My research on the early modern history of art of war began several years ago when I first began to investigate Galileo’s activities as a teacher of military fortifications and his acclaimed work on the military compass in order to assess whether this represented the contemporary state-of-the-art in the late sixteenth century. From the very beginning, I was confronted with the work of Tartaglia, especially his Quesiti et inventioni diverse published in 1546.

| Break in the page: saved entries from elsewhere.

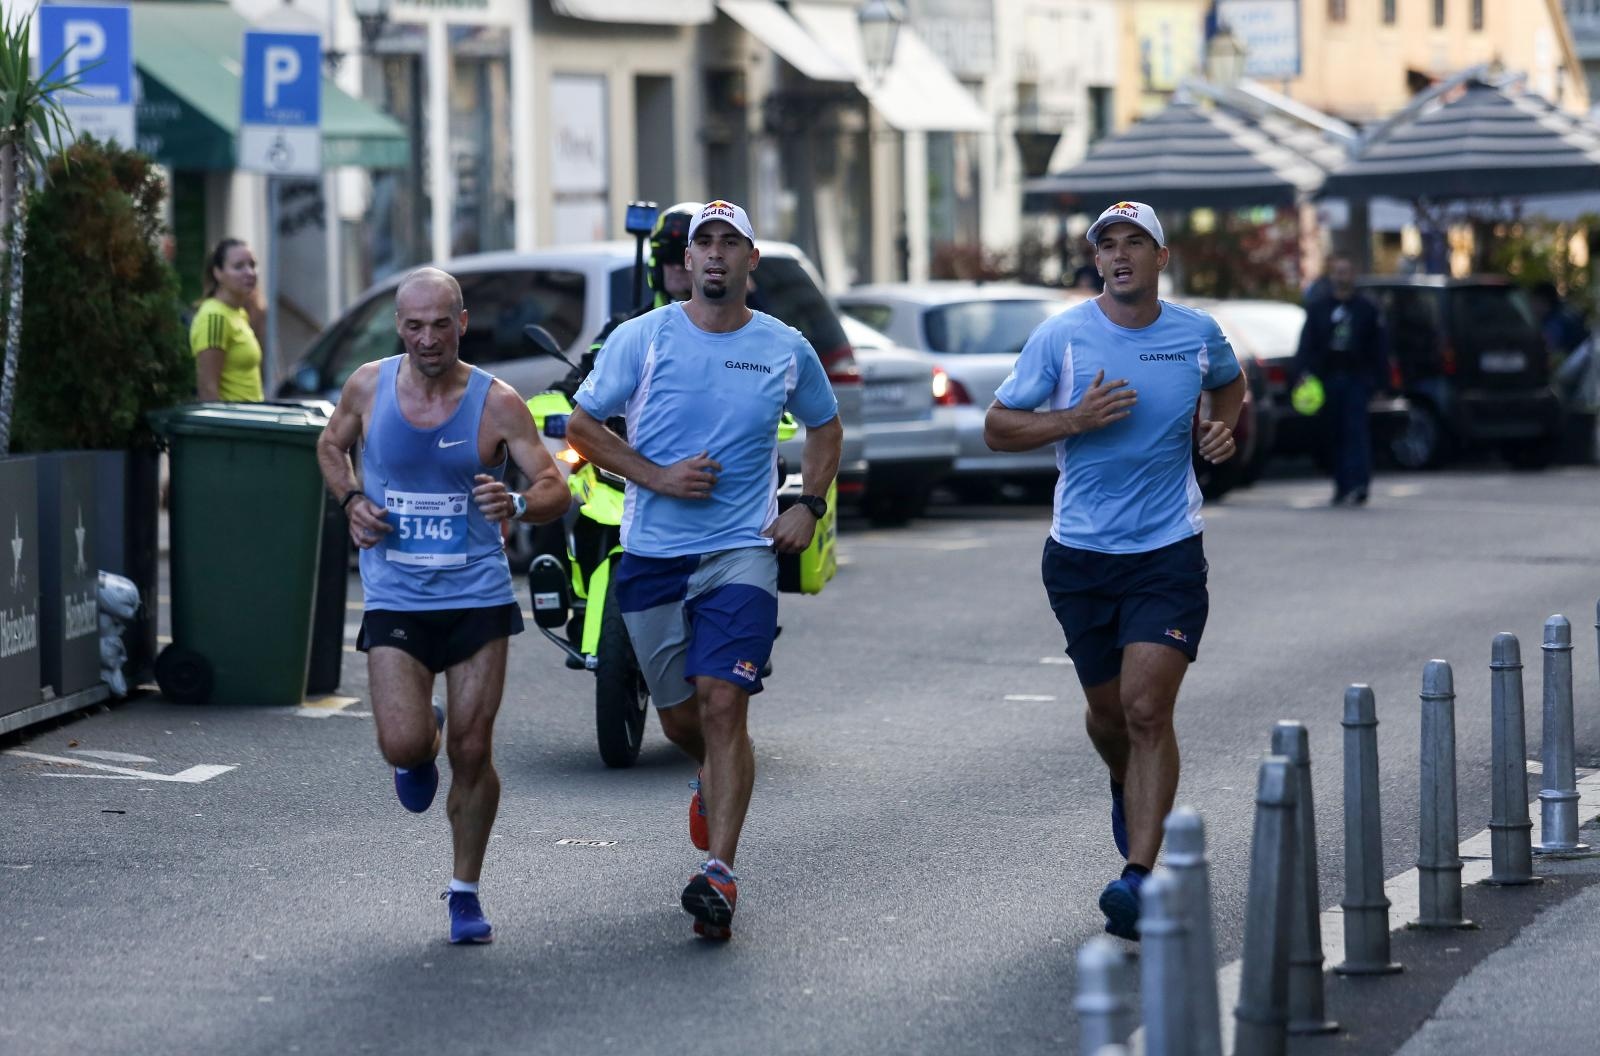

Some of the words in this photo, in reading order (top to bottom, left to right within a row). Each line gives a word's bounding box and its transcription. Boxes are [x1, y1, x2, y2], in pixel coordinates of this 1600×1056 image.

[64, 20, 107, 84] P
[263, 46, 302, 109] P
[701, 209, 717, 219] Red
[718, 209, 735, 219] Bull
[724, 360, 772, 375] GARMIN
[1139, 353, 1186, 362] GARMIN
[399, 516, 453, 541] 5146

While teaching Nicolò Machiavelli’s Il principe at the Technische Universität Berlin in 2011, I began to see that developments in certain practical activities, such as metallurgy, had destroyed the equilibrium between attack and defense strategies that had endured for centuries. Consequently, I began to reconstruct the manifold consequences of this peculiar situation, which were redressed only after the 1530s when architecture responded to the newly developed and more powerful artillery with a novel design for the bastion, around which all early modern military architecture was subsequently developed.
This in-depth research on the entire spectrum of the military technologies of the early modern period ultimately presented an opportunity to return to my earlier research on mechanics, but this time with the capacity to better contextualize it. The emergence of new theoretical knowledge could now be understood as a consequence of an advanced and challenging technological context.
This is the background against which the two fundamental questions arose that eventually gave birth to the work finalized in the present book, namely how and why a new theoretical ballistics had emerged by the mid-sixteenth century. These questions then necessarily shifted the focus to Nicolò Tartaglia’s Nova scientia. This work was published for the first time in 1537 and then again in 1550 with several amendments, especially to the third book.
The present work, which is based on the 1558 print run of the second edition, is neither a work on Tartaglia’s theoretical achievements tout court, nor a work on early modern mechanics. It is rather an edition of one of the most fundamental works on mechanics of the Renaissance, indeed, the first to transform aspects of practical knowledge accumulated by the early modern artillerists into a theoretical and mathematical framework. It meticulously contextualizes Tartaglia’s ballistics into the framework of artillery and its use, which was diffused precisely during Tartaglia’s time. It also analyzes the epistemological process that led from accumulated practical knowledge to the formulation of a scientific theory.
A partial English translation of the Nova scientia has already been available to historians of science since 1969, thanks to the seminal work of Stilman Drake and Israel Edward Drabkin. Nevertheless, as their research focused on early modern mechanics as a decontextualized logico-mathematical exercise, possibly supported by some “experiments,” so does their translation. Drake and Drabkin translated only the dedicatory letter and the most relevant theoretical parts of the first and second book of the Nova scientia, often omitting the demonstrations. They systematically ignored all parts of the books that deal more closely with the practical aspects of a science of ballistics, thereby presenting a misleading image of a highly theoretical abstract formulation that makes it impossible to understand the underlying reasons of why this science emerged in that specific period. The third book, which deals with the techniques used for measuring distances by sight—a procedure without which the use of modern ballistics is nonsense—is entirely absent from their translation. Yet, as will be described in the following, this book more than any other clearly shows the tension between practical and theoretical knowledge that constantly imbues Tartaglia’s work. Finally, Drake and Drabkin rendered some of the fundamental conceptual instruments of Tartaglia’s theoretical structure by using the terminology of modern physics. They therefore failed to appreciate the fact that scholars of the sixteenth century were not only creating new scientific knowledge, but also a language with which to express it.
I hope that the present work will be helpful to any future scholarly research that aims to reconstruct the history of early modern mechanics within its technological and cultural context.